As late as 2014, most Americans felt there was no need for the country to make any changes to address black-white inequality. 2015 was the year the future arrived. Donald Trump rode down the escalator. Ta-Nehisi Coates’s Between The World and Me was a publishing sensation. Freddie Gray died in Baltimore. The ‘Great Awokening’ — the journey of white liberals to the left of every other group in American society on racial issues — began.

And in Spokane, Washington, there was the case of Rachel Dolezal. Like the Trump campaign, or Coates’s writing, or Gray’s death, the inglorious circus that surrounded Dolezal, a white woman caught pretending to be black, X-rayed American race relations. Dolezal was not sui generis. Rather, she was a peculiarly avant-garde example of what Christopher Caldwell has since identified as the ‘burning regret’ many whites have that they aren’t black.

There is a straight line between 2015 and the Floydian summer of 2020, a clear continuum between the fires of Baltimore and the fires of Minneapolis. The ‘Great Awokening’ is mature at last: on the streets, in the bestseller lists, crafting corporate messaging. It’s been laying siege to Portland for almost one hundred nights.

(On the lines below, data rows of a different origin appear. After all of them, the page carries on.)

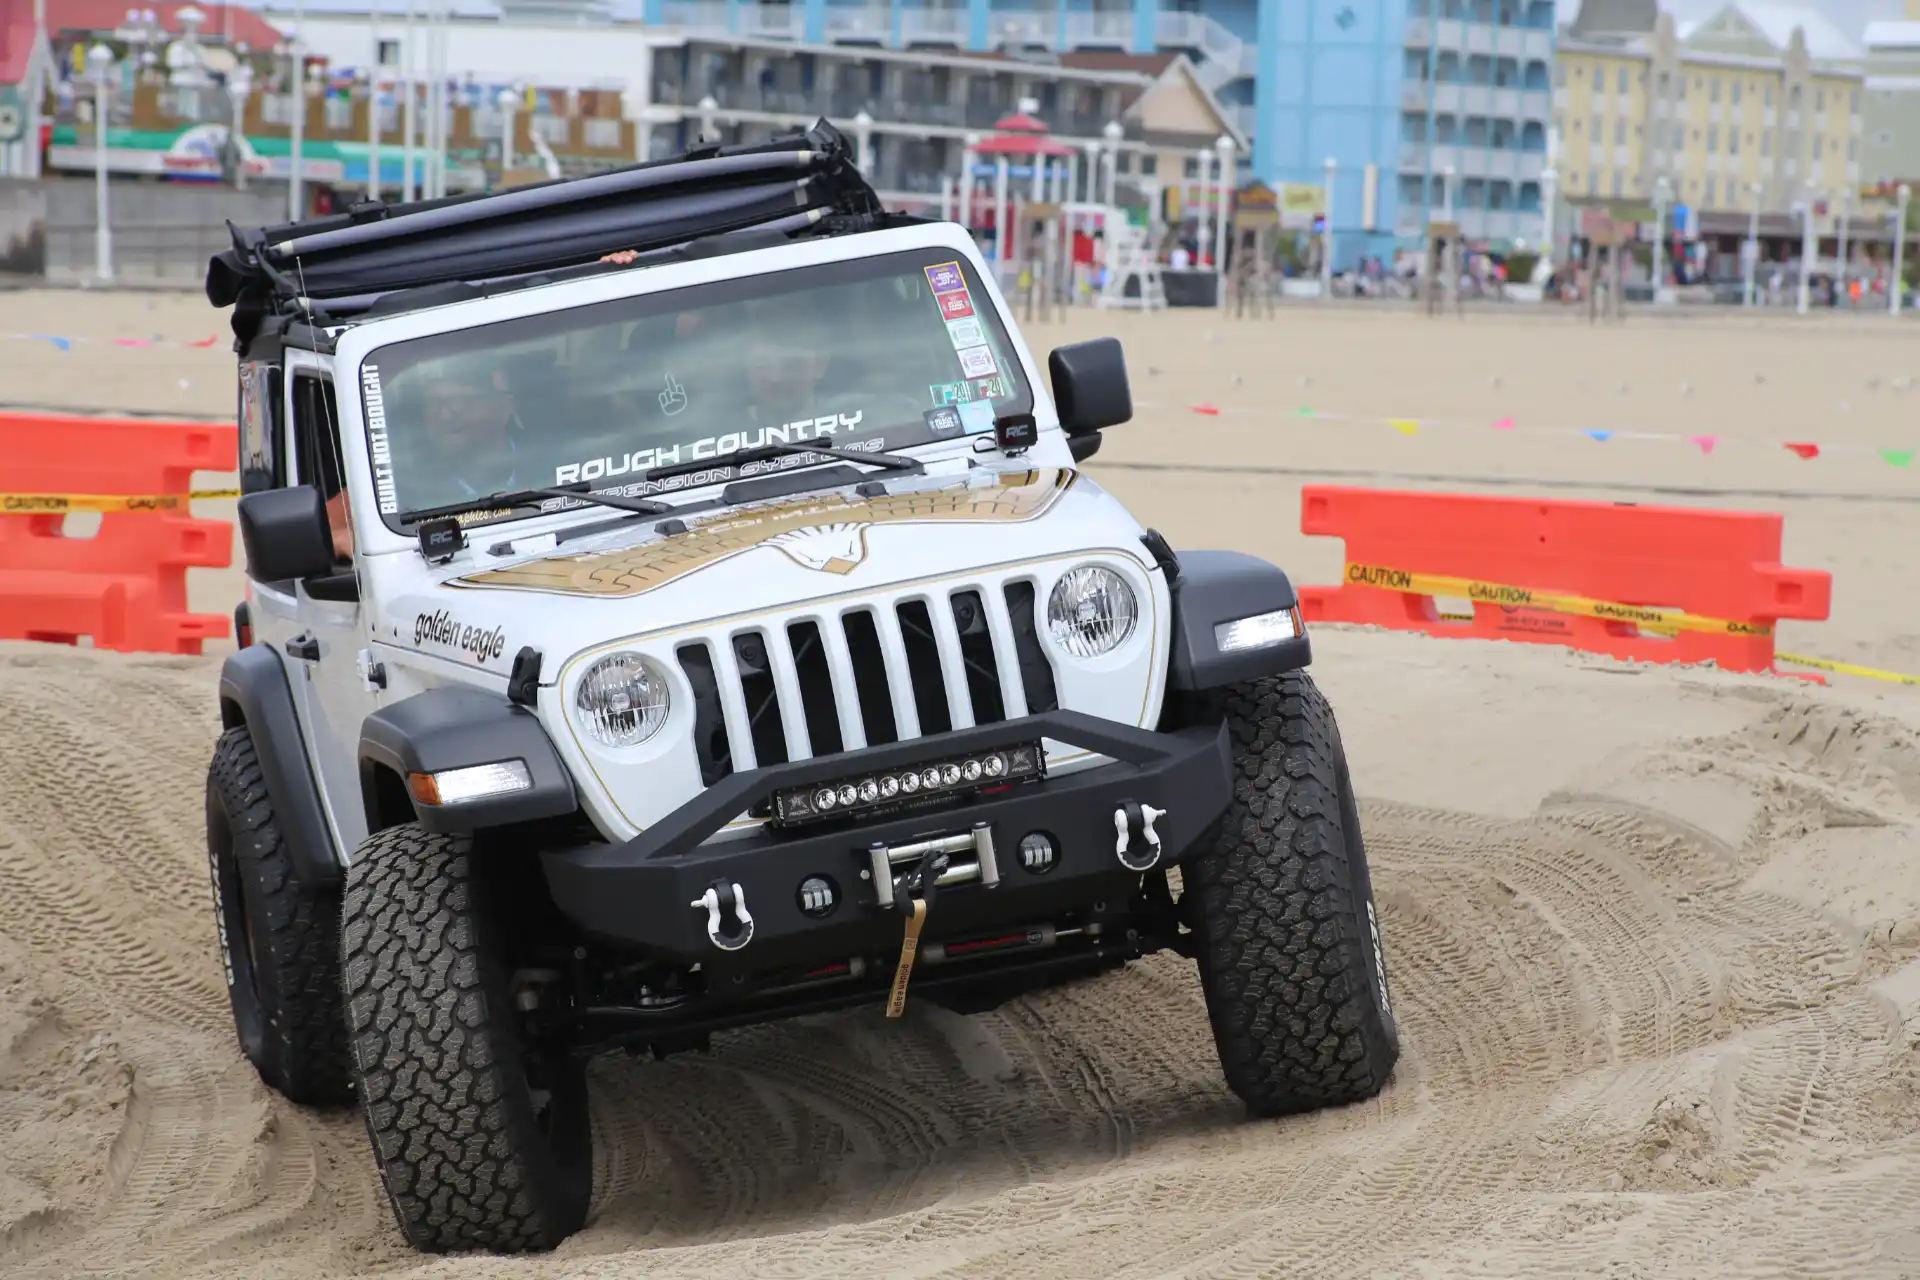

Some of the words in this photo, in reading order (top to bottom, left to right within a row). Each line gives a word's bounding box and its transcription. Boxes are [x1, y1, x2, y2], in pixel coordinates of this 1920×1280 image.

[362, 364, 386, 429] BOUGHT
[1005, 424, 1029, 438] RC
[371, 432, 391, 464] NOT
[556, 444, 680, 486] ROUGH
[692, 410, 862, 460] COUNTRY
[376, 468, 397, 514] BUILT
[430, 530, 453, 546] RC
[1349, 565, 1411, 588] CAUTION
[1469, 583, 1531, 604] CAUTION
[414, 609, 461, 647] golden
[462, 625, 505, 663] eagle

The Floyd protests have no leaders. The movement’s demands are thin. Their achievement is to widely diffuse the leading moral illusion of our times: that Good and Evil are defined by race, and that race is an indispensable guide to moral action. This ‘narrative’ has become a substitute for religious belief, particularly for educated, otherwise atheistic white liberals. The quest for racial justice offers role, purpose and meaning to them. ‘White people seemed to believe they were at risk of inheriting racism,’ Caldwell wrote in The Age of Entitlement, published a few months before Floyd’s death, ‘and scrambled to separate not just themselves but their families, their bloodlines, from any taint of it.’

Caldwell was accurate. Over the summer, the most striking feature of the protests were ritualistic occasions where whites washed the feet of black protest organizers, or demanded that other whites show solidarity with the movement, or renounced their white privilege en masse. White flagellants — backs made up to look rawly scourged — appeared, attempting to exchange present pain for historical pain, to cleanse away their sins. If they announced their guilt, perhaps they could achieve innocence. How could this guilt be defined? You had to ‘do the work’. Try reading Coates’s books. Try reading Robin DiAngelo’s White Fragility or Ibram X. Kendi’s How to Be an Anti-Racist. And go out, protest.

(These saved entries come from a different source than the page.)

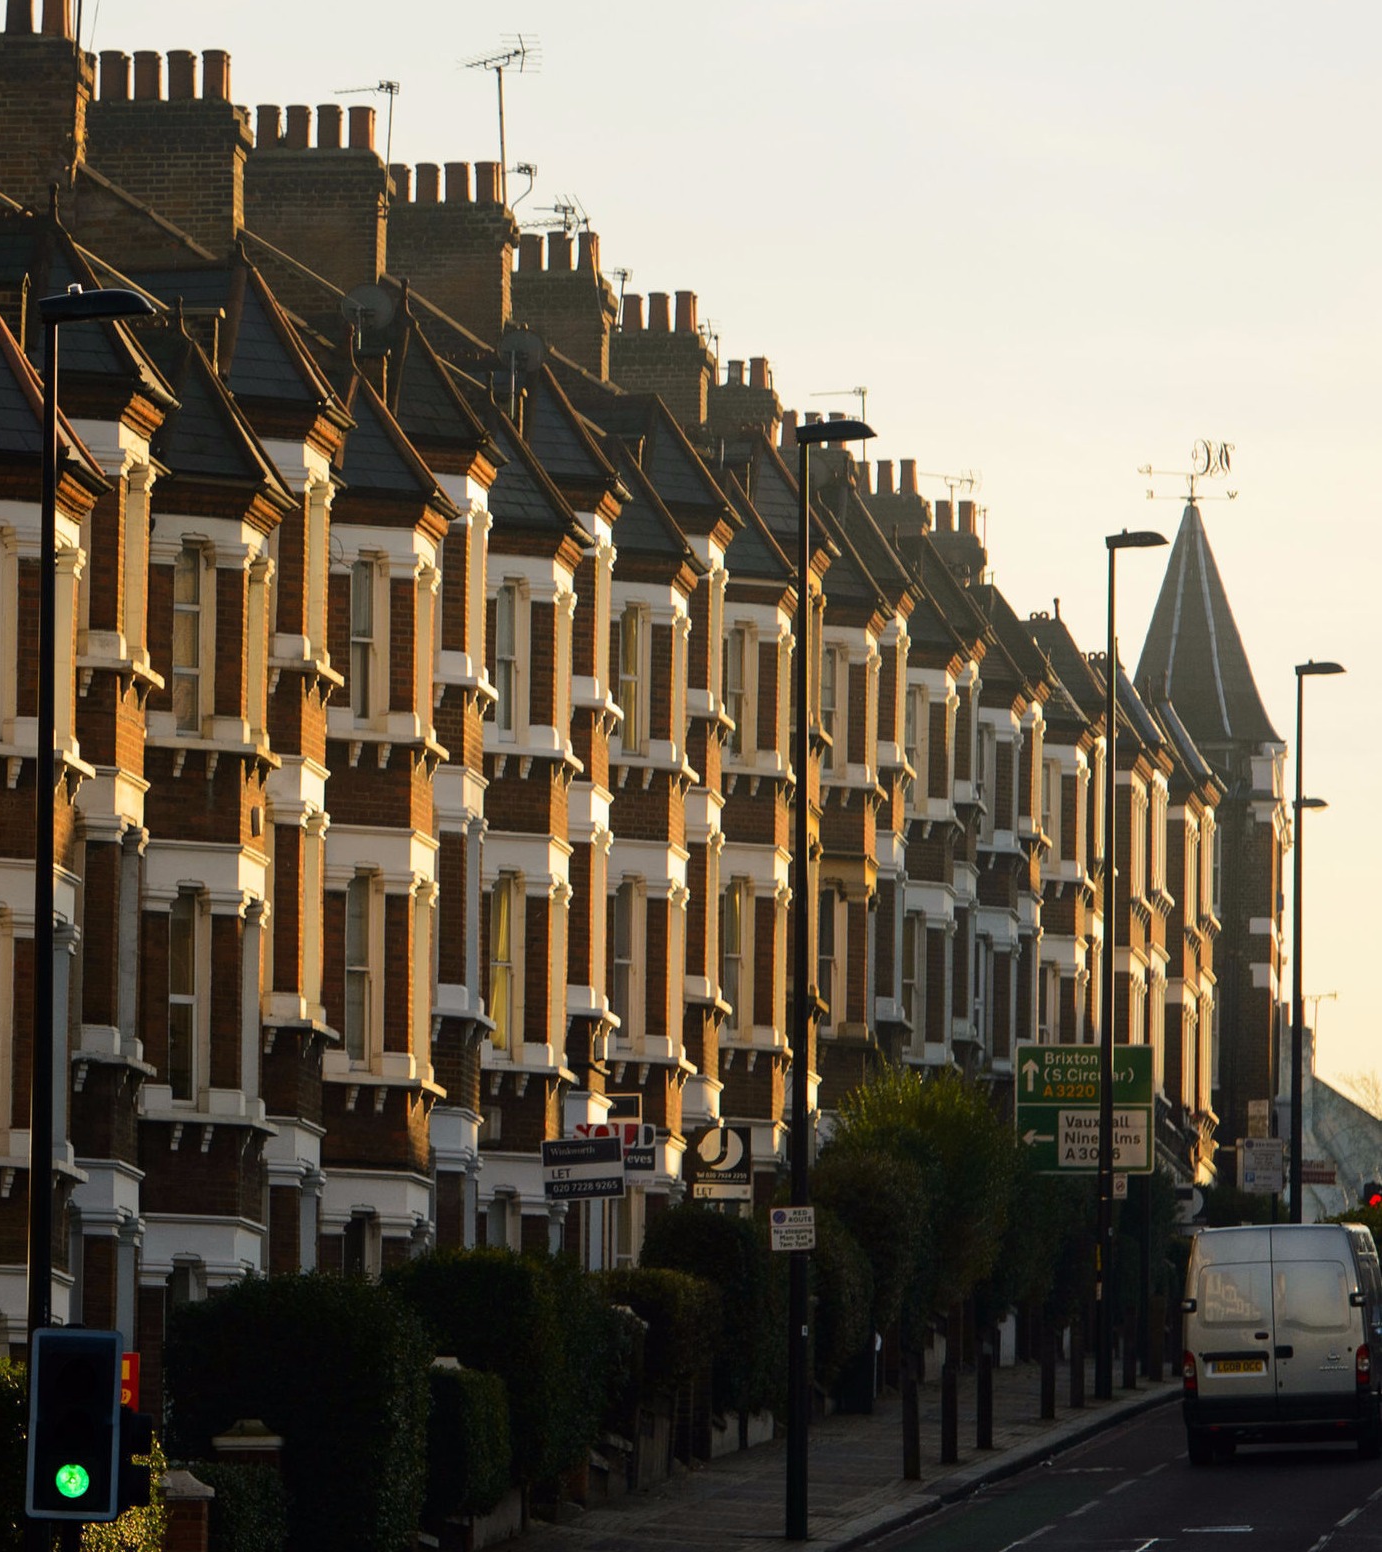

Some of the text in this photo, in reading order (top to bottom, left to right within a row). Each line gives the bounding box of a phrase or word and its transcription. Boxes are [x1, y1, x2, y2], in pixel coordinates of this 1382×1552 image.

[1044, 1051, 1098, 1065] Brixton
[1065, 1115, 1130, 1128] Vauxall
[574, 1123, 656, 1149] SOLD
[1065, 1131, 1141, 1144] Nine lms
[549, 1145, 596, 1157] Winkworth
[1065, 1147, 1121, 1160] A306
[552, 1168, 571, 1180] LET
[553, 1184, 570, 1193] 020
[571, 1182, 594, 1191] 7228
[595, 1180, 618, 1190] 9265
[696, 1187, 713, 1196] LET

Nobody wants to be guilty. Most of us desire to be innocent. America had plenty of intellectuals who could define racial guilt. But could they offer racial innocence?

Not really. For Coates and for Kendi, white people, or white supremacy, are uniquely responsible for police violence, wealth and health inequality, the monstrous cephalopod of global capitalism, and those ever-rising waves that nibble at the coastline. DiAngelo offers a queasy, dissoluble innocence that must be monitored through ‘ongoing self-awareness, continuing education, relationship building, and actual antiracist practice’. The policeman on your street corner is abolished, replaced with a policeman in your brain. Ultimately, Kendi wants to see a ‘Department of Anti-racism’ established. The DoA would ‘be empowered with disciplinary tools to wield over and against policymakers and public officials who do not voluntarily change their racist policy and ideas.’ Coates, famously, wants reparations for slavery.

As much as things have changed this summer, the three ‘solutions’ offered by some of the nation’s prominent anti-racist intellectuals — lifelong Calvinist practice, the establishment of anti-racist thought police, and reparations for slavery — are still far out in the offing, rather than washing up on the beach.

That’s where Rachel Dolezal comes in. She is a piteous, but in many ways predictable figure. In 2015 she was the president of her local chapter of the NAACP, chair of the Office of the Police Ombudsman Commission in Spokane, and a part-time instructor in Africana Studies at Eastern Washington University. But Dolezal was not a black woman. She had fled into blackness from what she said was an abusive family, and lied about being an African American. This was revealed on local television news, after which the story played out globally. She made excruciating talk show appearances, and endured boat-meet-iceberg interviews.  Dolezal lost all of her jobs.

She was a curiosity, a wonder, a punchline. Effigy, not flesh and blood. She took her place alongside the bearded lady, the wolf boy, and the Octomom in the world-historical freak pantheon. Above all, for black commentators she was an object of morbid and righteous scrutiny. Icily, as if reviewing a Broadway stinker, Coates wrote that she was ‘neither novel nor original’. Jelani Cobb described her as ‘lying about a lie’, and argued that Dolezal was only possible because of the rape of slaves in the Deep South, generations ago. Jamilah Lemiuex said she was ‘an insult to Black women everywhere’. In Jezebel, Kara Brown simply asked: ‘Girl, what?’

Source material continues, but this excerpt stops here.